第五节　SDS-PAGE蛋白电泳

SDS-PAGE 由非变性 PAGE 发展而来，是由丙烯酰胺（Acr）和亚甲基双丙烯酰胺（Bis）在催化剂的作用下聚合交联而成，具有三维网状结构，其分离机制包括电荷效应、浓缩效应和分子筛效应。SDS-PAGE 作为生化研究中常用的蛋白质分析手段，具有装置简单、条件灵活、方法成熟和重复性良好的多种优点，具体表现为以下几点：①在蛋白组提取方面，通过使用表面活性剂SDS，能提高样品中难溶性蛋白质组分的溶解、提取和电泳分离；②在蛋白质鉴定方面，使用SDS-PAGE时，样品进行变性处理后，解离为单独的多肽链，便于进一步测序的鉴定；③在蛋白质定性方面，通SDS-PAGE电泳时，多肽链分子量与其电泳距离或淌度成正比，可以估算其分子量，起到粗略定性的作用。由此，Breci等人将SDS-PAGE分离切胶作为质谱检测分析前的一种样品分离分级的方法，并探究了该方法的效率。

到目前为止，在多肽链层面的分离上仍然是分辨率最高的方法，且具有装置简单、条件灵活、方法成熟和重复性良好的多种优点。使得SDS-PAGE成为自1960年起几乎所有生化研究中必备和常用的蛋白质分析手段。对于SDS-PAGE分离后的蛋白质的检测，近30年来多采用免疫化学染色（Western blot）或染料染色接以条带选取和质谱分析，但是充分利用SDS-PAGE在复杂蛋白质体系多肽链层面上的分离优势、不依赖于染色结果，系统性地与质谱进行联合应用，实现大规模组学分析的研究还很少。

一般SDS-PAGE蛋白电泳的分析流程包括制胶→上样→电泳→染色→成像。

1.制胶

制备聚丙烯酰胺凝胶，其中浓缩胶浓度固定为 5%，分离胶浓度一般为 12%和 15%，配方见表2-5-1。

2.上样及电泳

一般取供试品溶液10μl及预染色的蛋白Marker 5μl上样，以80V恒压预电泳 30 分钟，当溴酚蓝指示剂到达分离胶以后，采用 110V 恒定电压继续进行电泳约120分钟，直至溴酚蓝指示剂距离凝胶底部约 0.5cm 处时，关闭电源。

3.染色及成像

小心将PAGE胶从玻璃板间剥离，将剥离的凝胶置于10ml染色液［0.1% 考马斯亮蓝 R250（w/v）-7% 醋酸（v/v）-50% 甲醇（v/v）］中，于水平往复式摇床上（60rpm/min）染色15分钟。
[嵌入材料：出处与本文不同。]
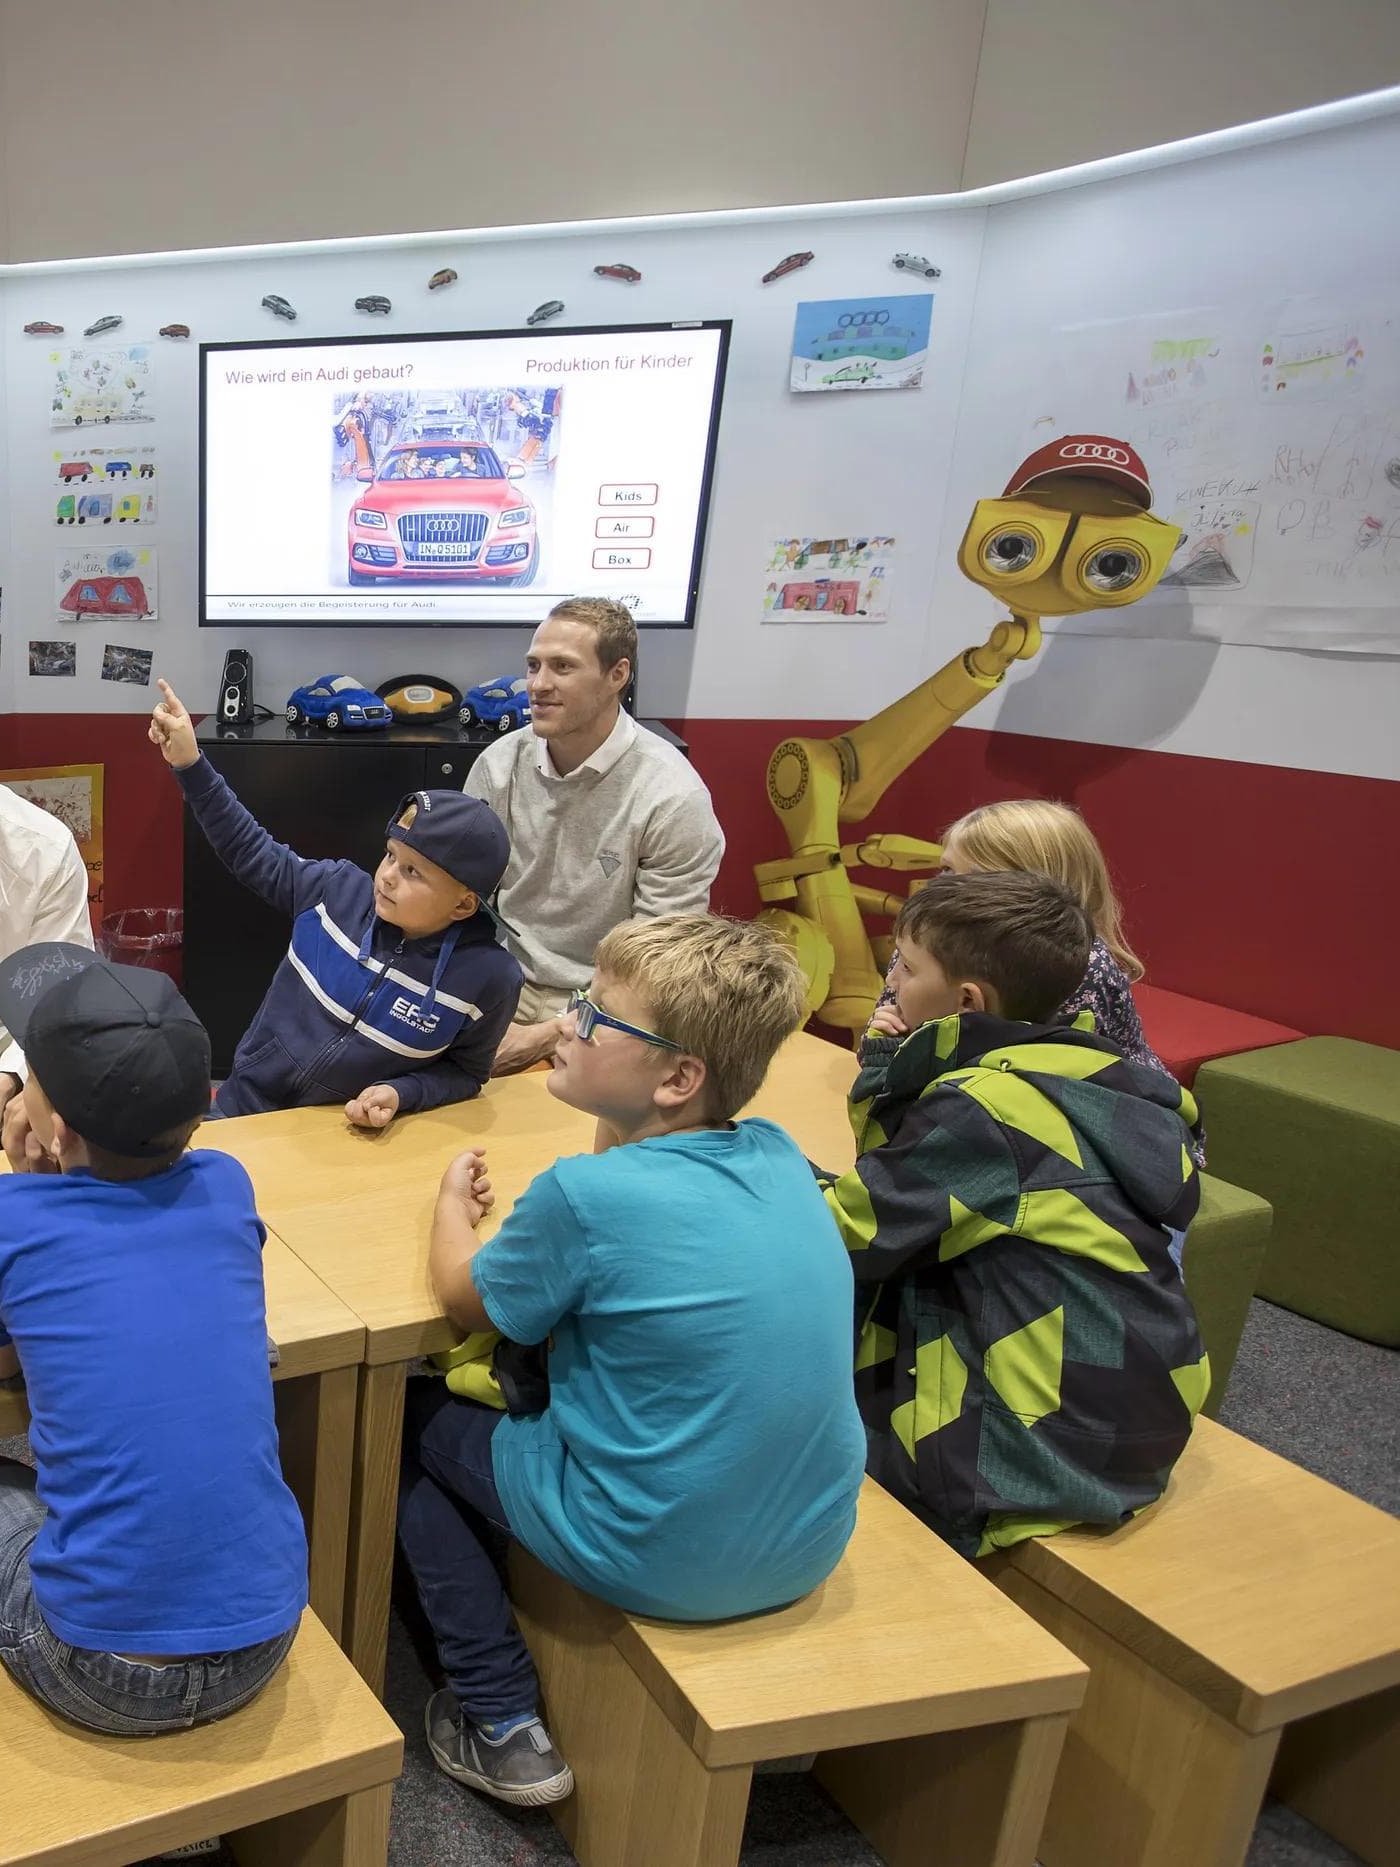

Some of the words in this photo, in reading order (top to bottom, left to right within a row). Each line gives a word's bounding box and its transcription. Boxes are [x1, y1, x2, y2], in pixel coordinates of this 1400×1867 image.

[526, 357, 610, 373] Produktion
[615, 355, 636, 370] für
[640, 354, 693, 369] Kinder
[225, 370, 253, 384] Wie
[257, 369, 286, 383] wird
[291, 368, 312, 382] ein
[316, 366, 349, 381] Audi
[354, 364, 414, 383] gebaut?
[615, 491, 642, 501] Kids
[613, 522, 631, 532] Air
[608, 554, 632, 565] Box
[389, 1009, 435, 1034] INGOLSTADT
弃去染色液，换上10ml脱色液［7%醋酸（v/v）-20%甲醇（v/v）］，60rpm/min，脱色30分钟后，更换新的脱色液，继续脱色90分钟。弃去脱色液，加入15ml水合液［7%醋酸（v/v）］，使凝胶水合30分钟以上。水合结束后，用洁净的医用卫生棉小心擦去凝胶表面沉积的CBB颗粒。最终将处理好的PAGE胶密封在适量的7% 醋酸溶液（v/v）当中，拍照及扫描。

将上述电泳的结果进行差异化比对，对于差异区进行切胶和酶解，供进一步质谱分析和鉴定。